Task description:
Skip the images and restate every line of the records exactly.

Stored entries
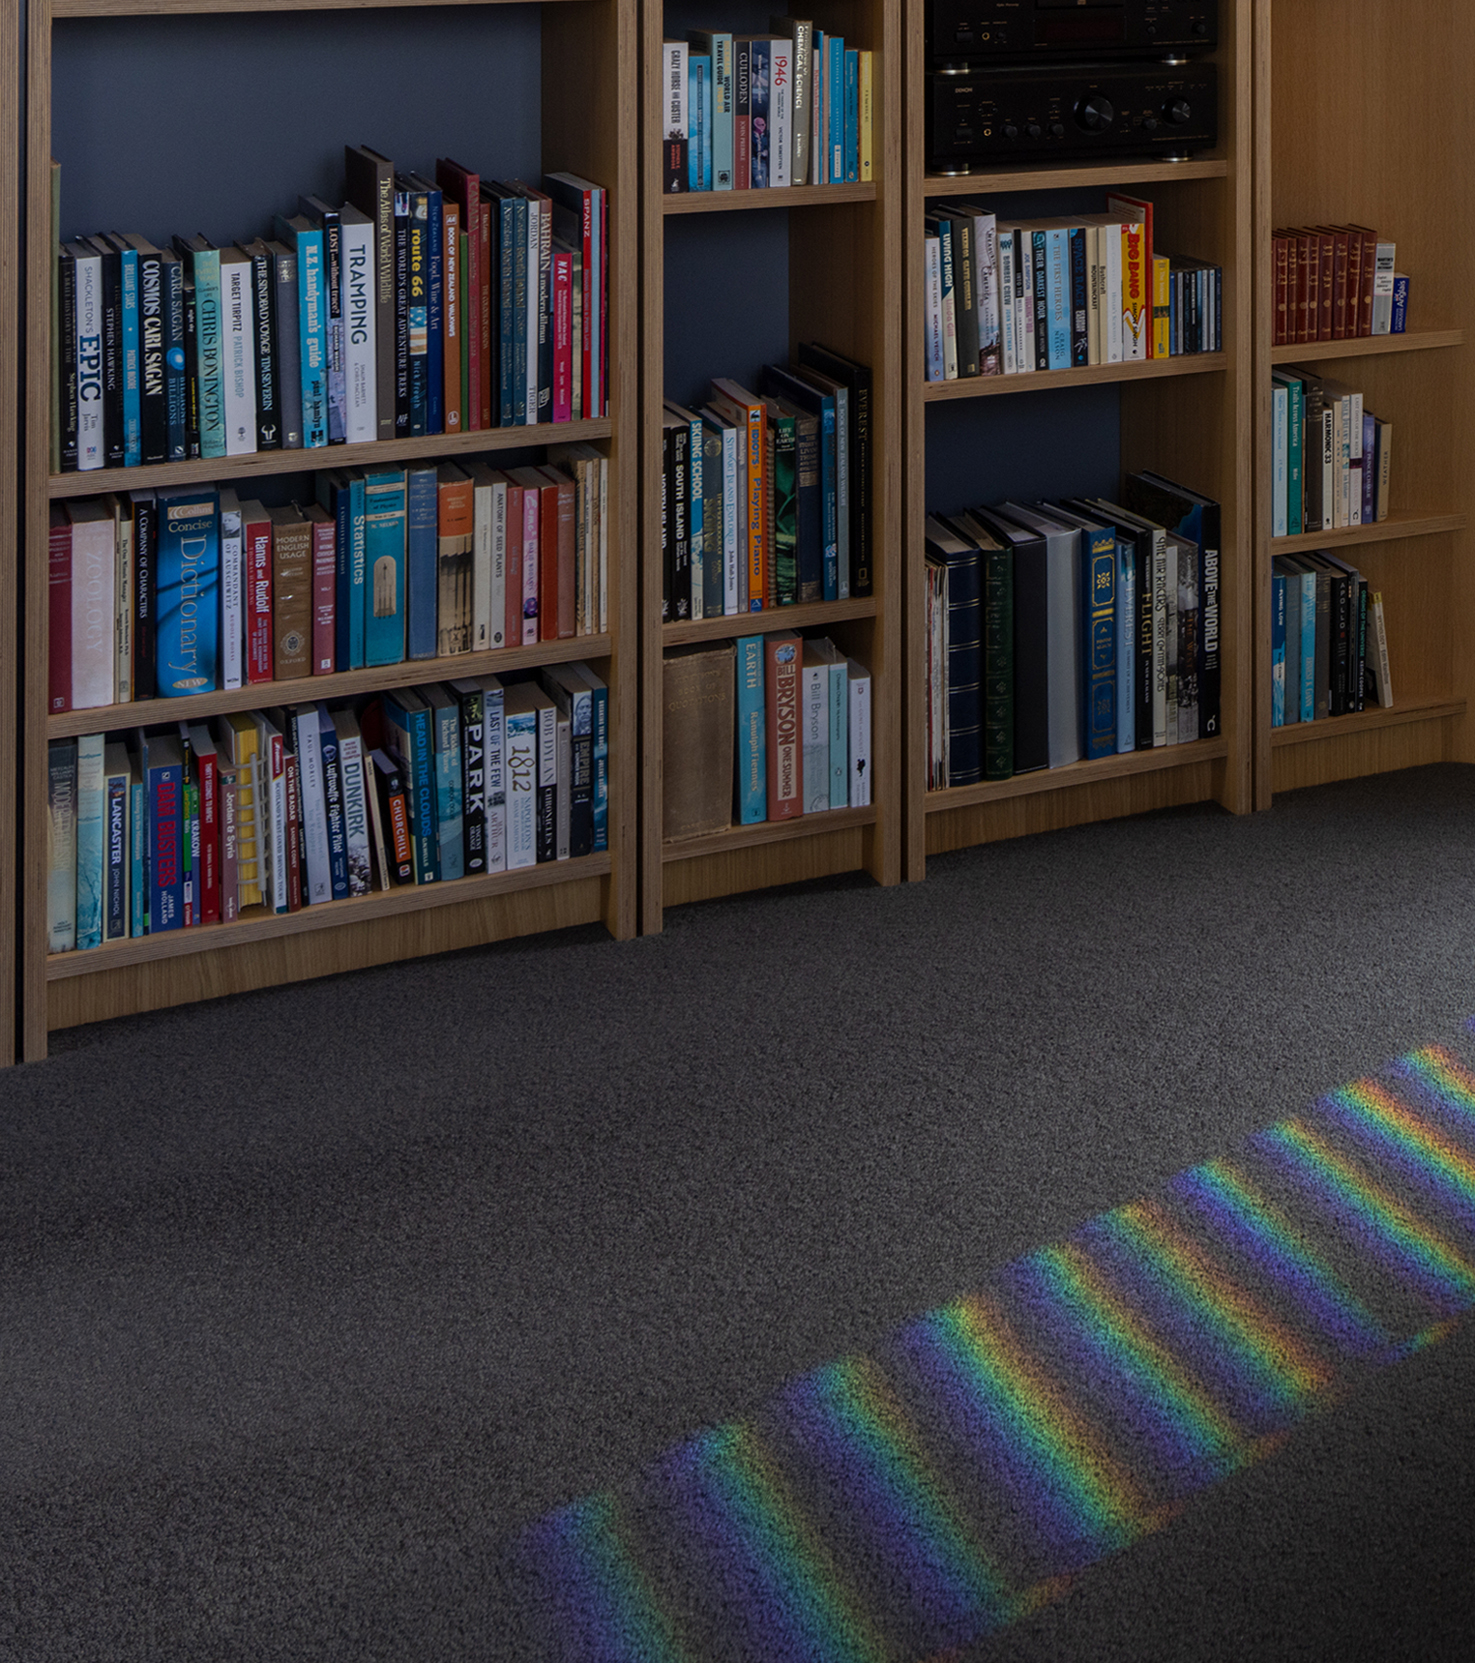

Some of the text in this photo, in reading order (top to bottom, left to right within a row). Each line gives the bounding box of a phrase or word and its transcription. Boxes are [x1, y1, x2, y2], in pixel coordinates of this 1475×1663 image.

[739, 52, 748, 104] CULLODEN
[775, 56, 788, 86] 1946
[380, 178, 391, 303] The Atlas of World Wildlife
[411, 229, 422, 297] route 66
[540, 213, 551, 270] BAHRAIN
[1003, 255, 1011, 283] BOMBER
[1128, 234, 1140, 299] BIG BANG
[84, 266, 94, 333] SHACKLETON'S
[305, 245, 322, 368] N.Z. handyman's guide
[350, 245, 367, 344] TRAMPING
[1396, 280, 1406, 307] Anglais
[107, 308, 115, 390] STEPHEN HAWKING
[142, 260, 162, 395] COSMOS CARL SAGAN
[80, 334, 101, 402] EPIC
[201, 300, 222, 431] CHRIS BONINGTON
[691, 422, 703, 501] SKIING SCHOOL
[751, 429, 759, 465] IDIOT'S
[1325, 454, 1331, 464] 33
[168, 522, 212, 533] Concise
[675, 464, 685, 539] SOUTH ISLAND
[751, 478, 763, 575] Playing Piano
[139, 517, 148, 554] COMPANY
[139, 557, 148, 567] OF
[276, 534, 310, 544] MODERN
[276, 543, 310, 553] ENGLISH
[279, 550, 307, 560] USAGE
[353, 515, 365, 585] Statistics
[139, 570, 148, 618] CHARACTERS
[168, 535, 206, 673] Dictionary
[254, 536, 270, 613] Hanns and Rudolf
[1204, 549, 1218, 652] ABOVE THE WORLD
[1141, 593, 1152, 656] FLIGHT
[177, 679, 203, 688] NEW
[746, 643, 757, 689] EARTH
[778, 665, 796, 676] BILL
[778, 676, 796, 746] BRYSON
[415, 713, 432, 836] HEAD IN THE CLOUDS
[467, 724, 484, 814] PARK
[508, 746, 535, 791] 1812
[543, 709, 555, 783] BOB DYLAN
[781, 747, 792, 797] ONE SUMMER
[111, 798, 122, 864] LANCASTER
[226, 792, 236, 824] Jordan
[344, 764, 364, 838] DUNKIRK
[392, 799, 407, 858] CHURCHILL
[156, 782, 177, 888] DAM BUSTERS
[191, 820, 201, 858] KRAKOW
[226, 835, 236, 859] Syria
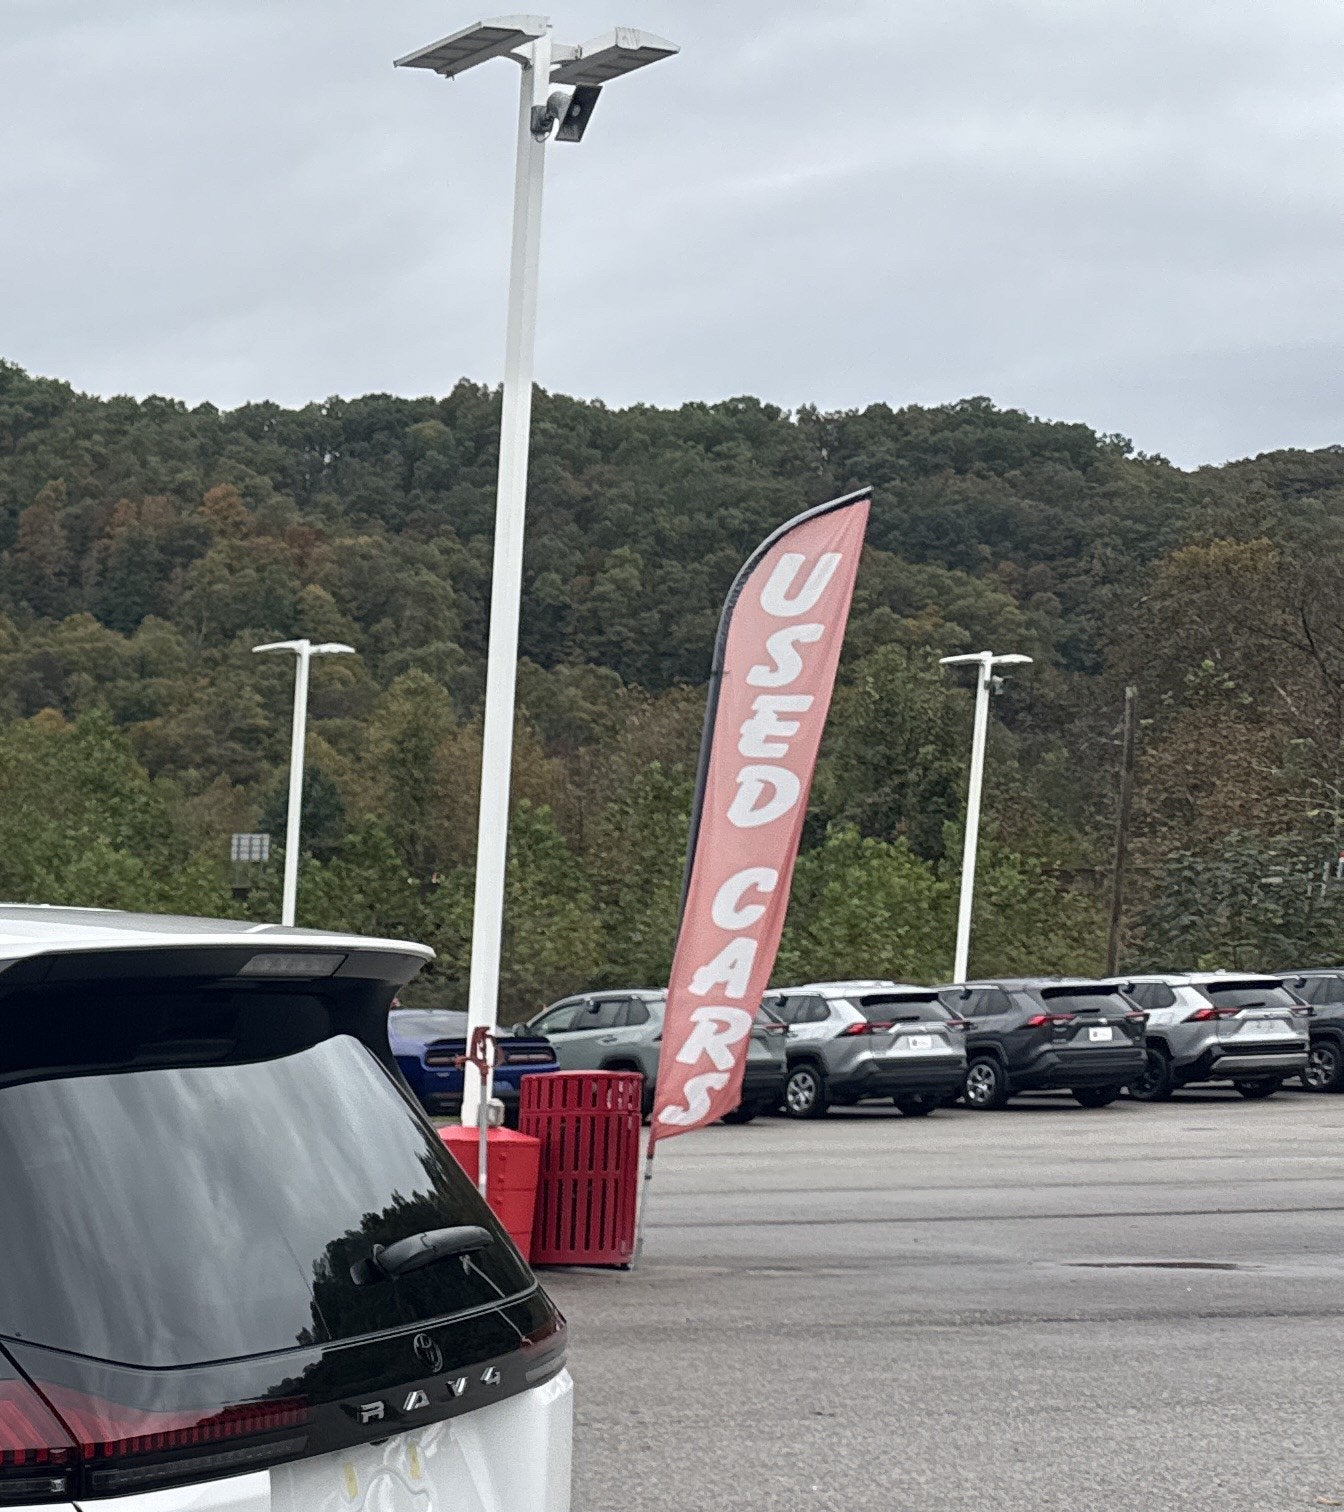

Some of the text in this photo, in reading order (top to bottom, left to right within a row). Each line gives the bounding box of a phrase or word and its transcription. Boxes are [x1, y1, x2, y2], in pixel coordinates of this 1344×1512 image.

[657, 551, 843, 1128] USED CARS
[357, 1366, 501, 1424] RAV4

Output:
Some of the text in this photo, in reading order (top to bottom, left to right within a row). Each line gives the bounding box of a phrase or word and its transcription. Boxes are [x1, y1, x2, y2], in pixel coordinates of this 1475×1663 image.

[739, 52, 748, 104] CULLODEN
[775, 56, 788, 86] 1946
[380, 178, 391, 303] The Atlas of World Wildlife
[411, 229, 422, 297] route 66
[540, 213, 551, 270] BAHRAIN
[1003, 255, 1011, 283] BOMBER
[1128, 234, 1140, 299] BIG BANG
[84, 266, 94, 333] SHACKLETON'S
[305, 245, 322, 368] N.Z. handyman's guide
[350, 245, 367, 344] TRAMPING
[1396, 280, 1406, 307] Anglais
[107, 308, 115, 390] STEPHEN HAWKING
[142, 260, 162, 395] COSMOS CARL SAGAN
[80, 334, 101, 402] EPIC
[201, 300, 222, 431] CHRIS BONINGTON
[691, 422, 703, 501] SKIING SCHOOL
[751, 429, 759, 465] IDIOT'S
[1325, 454, 1331, 464] 33
[168, 522, 212, 533] Concise
[675, 464, 685, 539] SOUTH ISLAND
[751, 478, 763, 575] Playing Piano
[139, 517, 148, 554] COMPANY
[139, 557, 148, 567] OF
[276, 534, 310, 544] MODERN
[276, 543, 310, 553] ENGLISH
[279, 550, 307, 560] USAGE
[353, 515, 365, 585] Statistics
[139, 570, 148, 618] CHARACTERS
[168, 535, 206, 673] Dictionary
[254, 536, 270, 613] Hanns and Rudolf
[1204, 549, 1218, 652] ABOVE THE WORLD
[1141, 593, 1152, 656] FLIGHT
[177, 679, 203, 688] NEW
[746, 643, 757, 689] EARTH
[778, 665, 796, 676] BILL
[778, 676, 796, 746] BRYSON
[415, 713, 432, 836] HEAD IN THE CLOUDS
[467, 724, 484, 814] PARK
[508, 746, 535, 791] 1812
[543, 709, 555, 783] BOB DYLAN
[781, 747, 792, 797] ONE SUMMER
[111, 798, 122, 864] LANCASTER
[226, 792, 236, 824] Jordan
[344, 764, 364, 838] DUNKIRK
[392, 799, 407, 858] CHURCHILL
[156, 782, 177, 888] DAM BUSTERS
[191, 820, 201, 858] KRAKOW
[226, 835, 236, 859] Syria

Some of the text in this photo, in reading order (top to bottom, left to right within a row). Each line gives the bounding box of a phrase or word and its transcription. Boxes are [x1, y1, x2, y2], in pixel coordinates of this 1344×1512 image.

[657, 551, 843, 1128] USED CARS
[357, 1366, 501, 1424] RAV4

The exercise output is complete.